In the Very Midst of Death

I had the privilege of being at my own congregation, Emmaus in South Bend, this past Sunday, and the Holy Gospel (from the historic lectionary) was the “little apocalypse” from St. Luke. It opens with the sobering forewarning of our Lord, that “there will be signs in sun and moon and stars, and on the earth distress of nations in perplexity because of the roaring of the sea and the waves, people fainting with fear and with foreboding of what is coming on the world” (St. Luke 21:25-26). These are familiar words, of course, but it also struck me how apropos and timely they are in this present day and age, all the more so at a time of year when anxiety is at a peak. Not only are the days of December darker and shorter, but the stress of the world’s “holidays” can be particularly hard and taxing on many people, as we are all aware, directly or indirectly.
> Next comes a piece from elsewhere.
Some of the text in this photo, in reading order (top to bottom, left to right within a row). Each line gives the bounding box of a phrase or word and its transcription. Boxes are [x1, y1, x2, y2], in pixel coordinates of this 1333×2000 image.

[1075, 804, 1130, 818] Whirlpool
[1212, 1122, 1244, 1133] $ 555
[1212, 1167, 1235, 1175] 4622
But what struck me even more poignantly was our Lord’s immediate commentary and catechesis on these distressing occurrences in the world around us (and within): “When these things begin to take place, straighten up and raise your heads, because your Redemption is drawing near” (St. Luke 21:28). These, too, are familiar words, of course, but in hearing them on Sunday they hit me in a way that I hadn’t really caught before. Specifically, our Lord teaches and encourages us to see these distressing and troubling events as a cause for confidence and hope in Him, as a sign of His drawing near, His Advent, His “coming in a cloud with power and great glory” (St. Luke 21:27), not for condemnation but as our Redemption from sin, death, the devil, and hell.

One of Dr. Luther’s many great hymns confesses that, “in the very midst of life, snares of death surround us” (LSB 755. st. 1), and that is most certainly true. Indeed, the whole creation groans under the curse of sin and death; heaven and earth are passing away, and everything in them and of them is perishing. But it is also the case, and even more certainly true – because the Word of the Lord endures forever – that “in the very midst of death, life has us surrounded.” The Sign of the Holy Cross is not our destruction, but our great Salvation, our Exodus from death into Life.
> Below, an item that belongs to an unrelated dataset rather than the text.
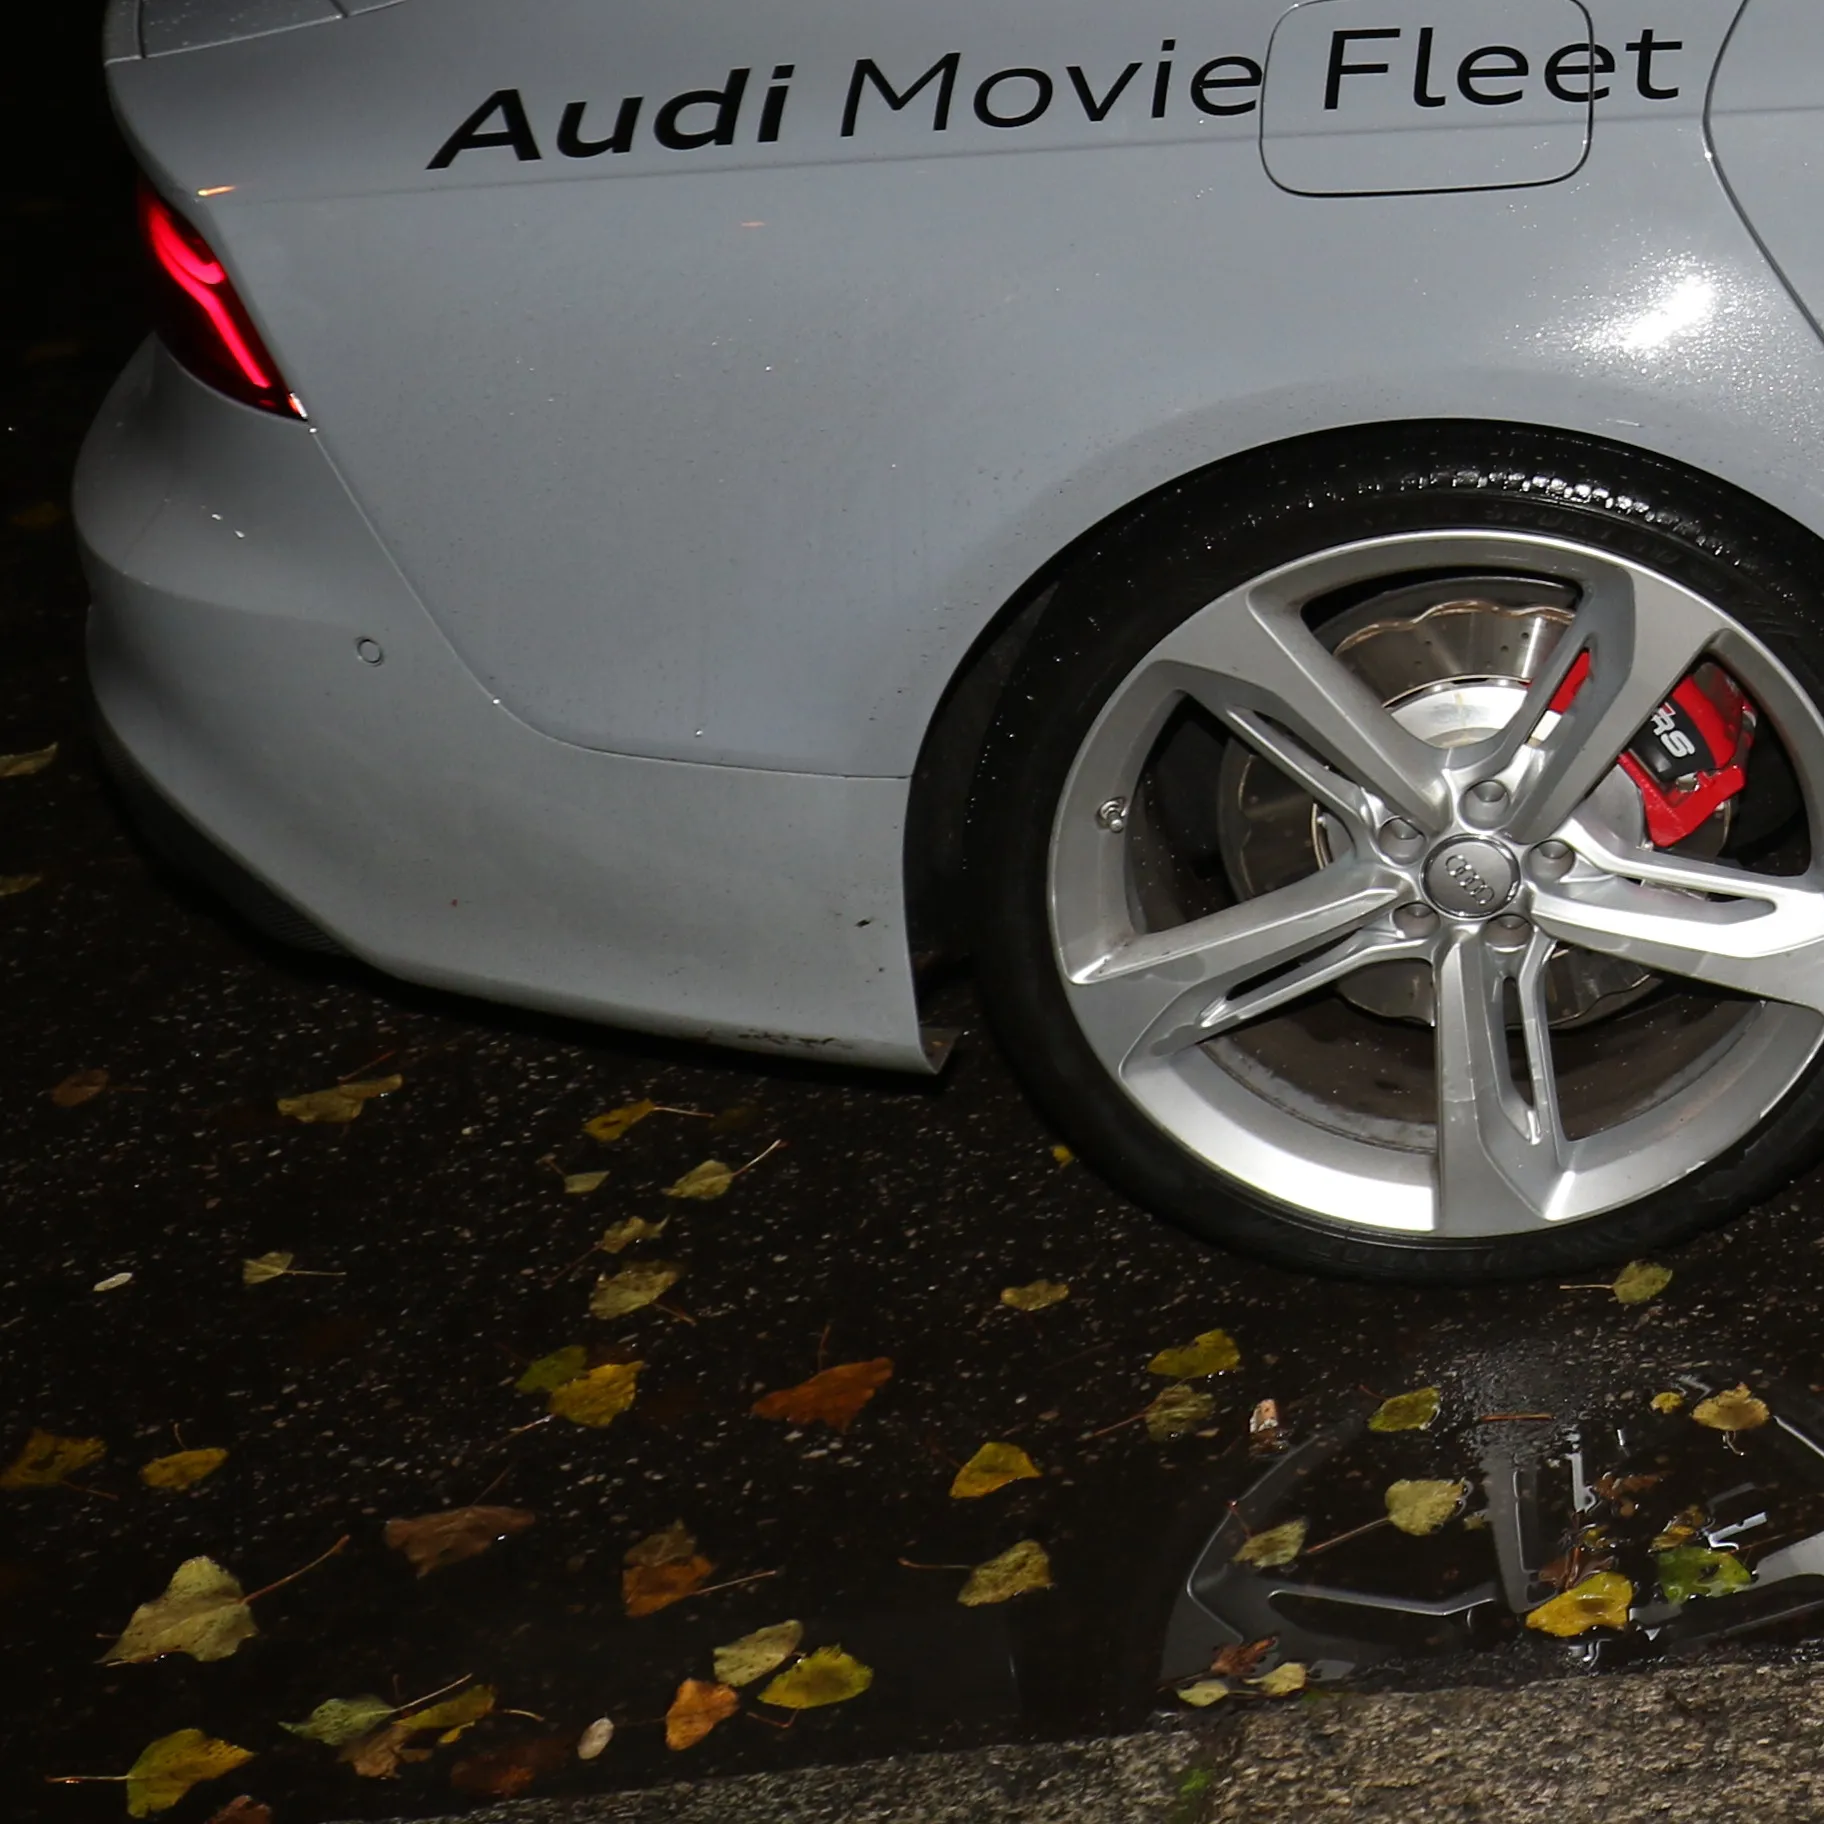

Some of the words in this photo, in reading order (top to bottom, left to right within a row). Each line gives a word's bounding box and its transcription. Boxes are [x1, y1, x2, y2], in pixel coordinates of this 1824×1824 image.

[425, 64, 796, 170] Audi
[840, 39, 1262, 138] Movie
[1324, 27, 1683, 110] Fleet
[1650, 706, 1696, 758] RS
Within our homes and families, within our parishes, and in our neighborhoods and occupations, let our hearts not “be weighed down with dissipation and drunkenness and cares of this life” (St. Luke 21:34), but rather buoyed up with hope in the Word and promise of our Lord. As Israel was caught between the Egyptians and the Red Sea, seemingly doomed and frantic with fear of what was coming upon them, so can we also become anxious and afraid of the looming threats that face us round about. Even the means of escape and deliverance may take the form of towering walls of water on our right and on our left, ready to come crashing down upon us at any time – and in fact intended to drown and destroy the old Adam within us, with all our sin and idolatry.

But the very One who is coming for the final judgment of the living and the dead has already come by the way of His Cross to accomplish His Exodus for the sake of our Salvation. Which is to say that the end of all things, such as we begin to experience even now in this mortal life, is itself the dawning of that great and glorious Day when our Redemption shall be openly manifest. Even now our Savior comes and draws near to us with His Words, which “will not pass away” (St. Luke 21:33), and with the blessed Fruits of His Cross and Passion. He is our Light, our Life, and our Salvation, precisely in the midst of the darkness and death that daily press upon us.

In the very face of death, therefore, lift up your head and behold the light of the revelation of the glory of God in the Face of Jesus Christ. Blessed is He who comes in the Name of the Lord!